- Task objective -
Would you return the listing that follows exactly, leaving its pictures behind?

- Input data -
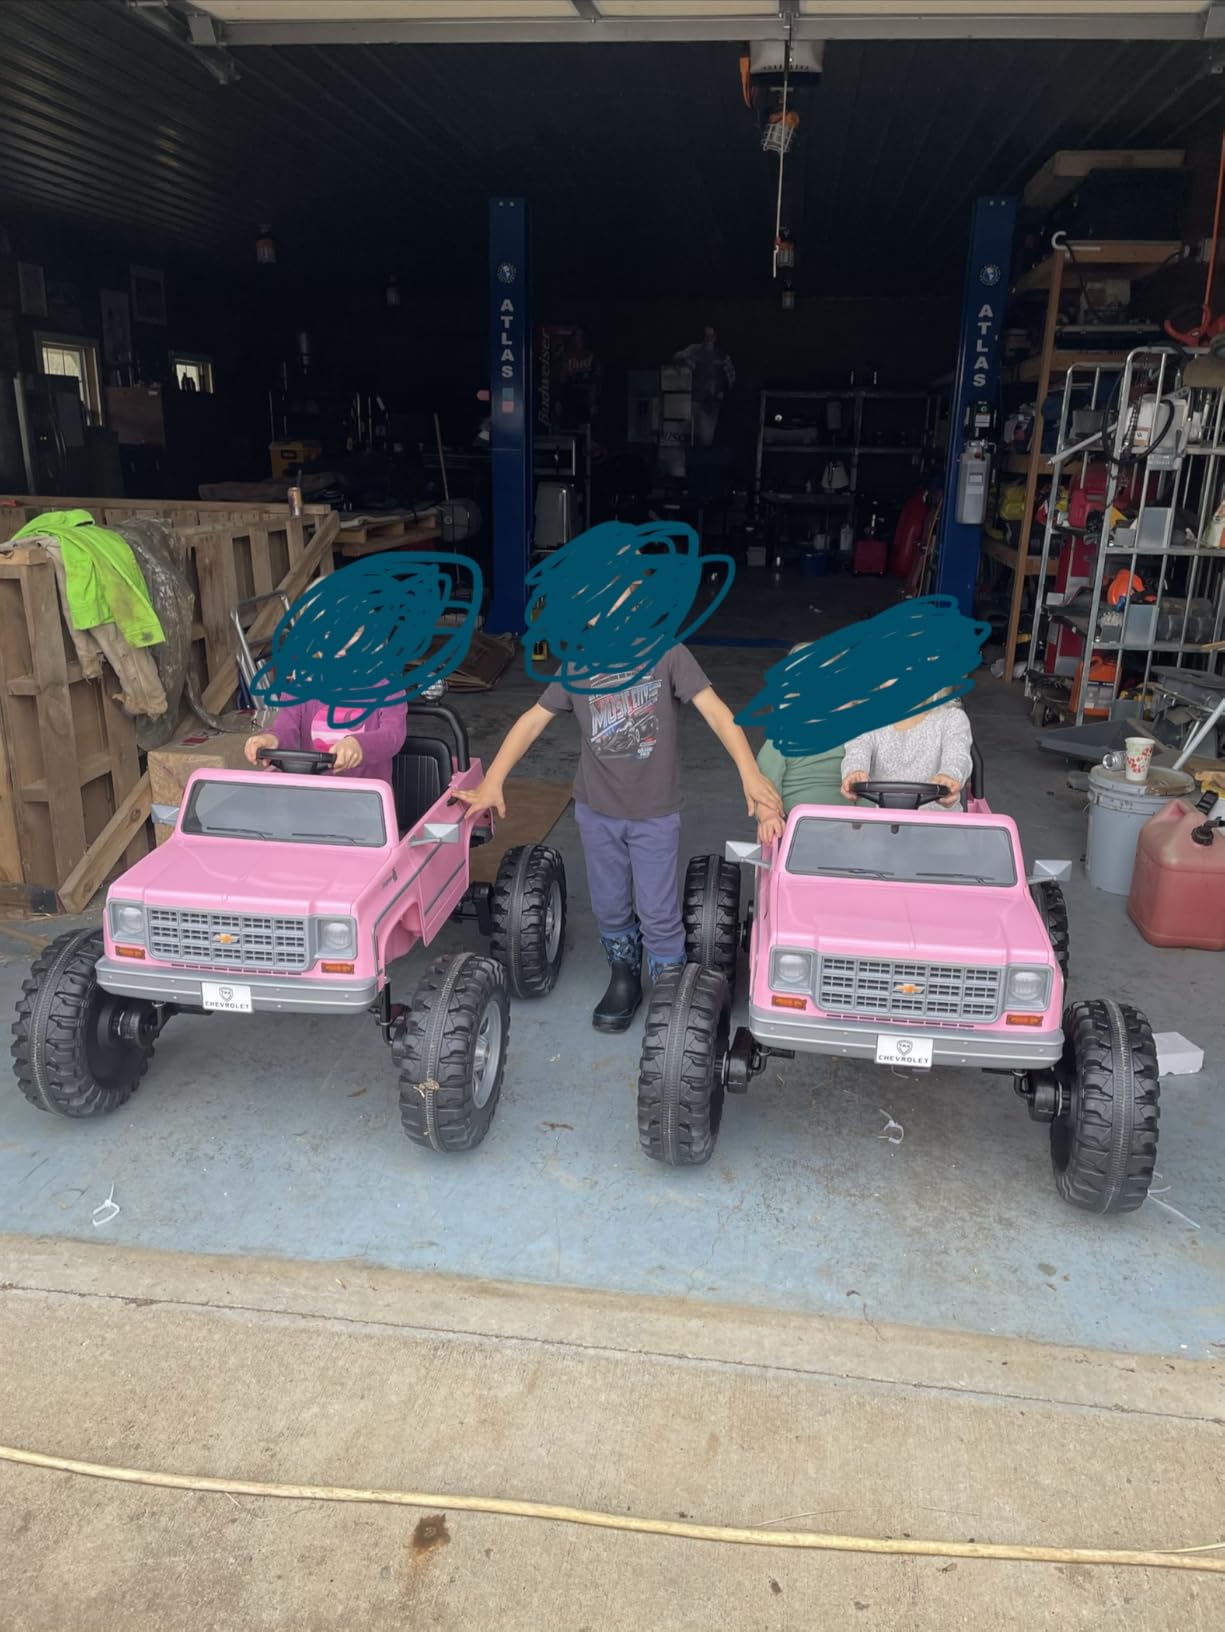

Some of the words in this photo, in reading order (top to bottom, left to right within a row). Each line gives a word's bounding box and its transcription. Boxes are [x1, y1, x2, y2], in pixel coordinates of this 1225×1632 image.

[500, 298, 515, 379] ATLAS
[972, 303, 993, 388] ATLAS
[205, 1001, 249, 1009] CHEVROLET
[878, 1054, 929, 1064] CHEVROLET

- Task response -
Some of the words in this photo, in reading order (top to bottom, left to right within a row). Each line gives a word's bounding box and its transcription. Boxes are [x1, y1, x2, y2], in pixel coordinates of this 1225×1632 image.

[500, 298, 515, 379] ATLAS
[972, 303, 993, 388] ATLAS
[205, 1001, 249, 1009] CHEVROLET
[878, 1054, 929, 1064] CHEVROLET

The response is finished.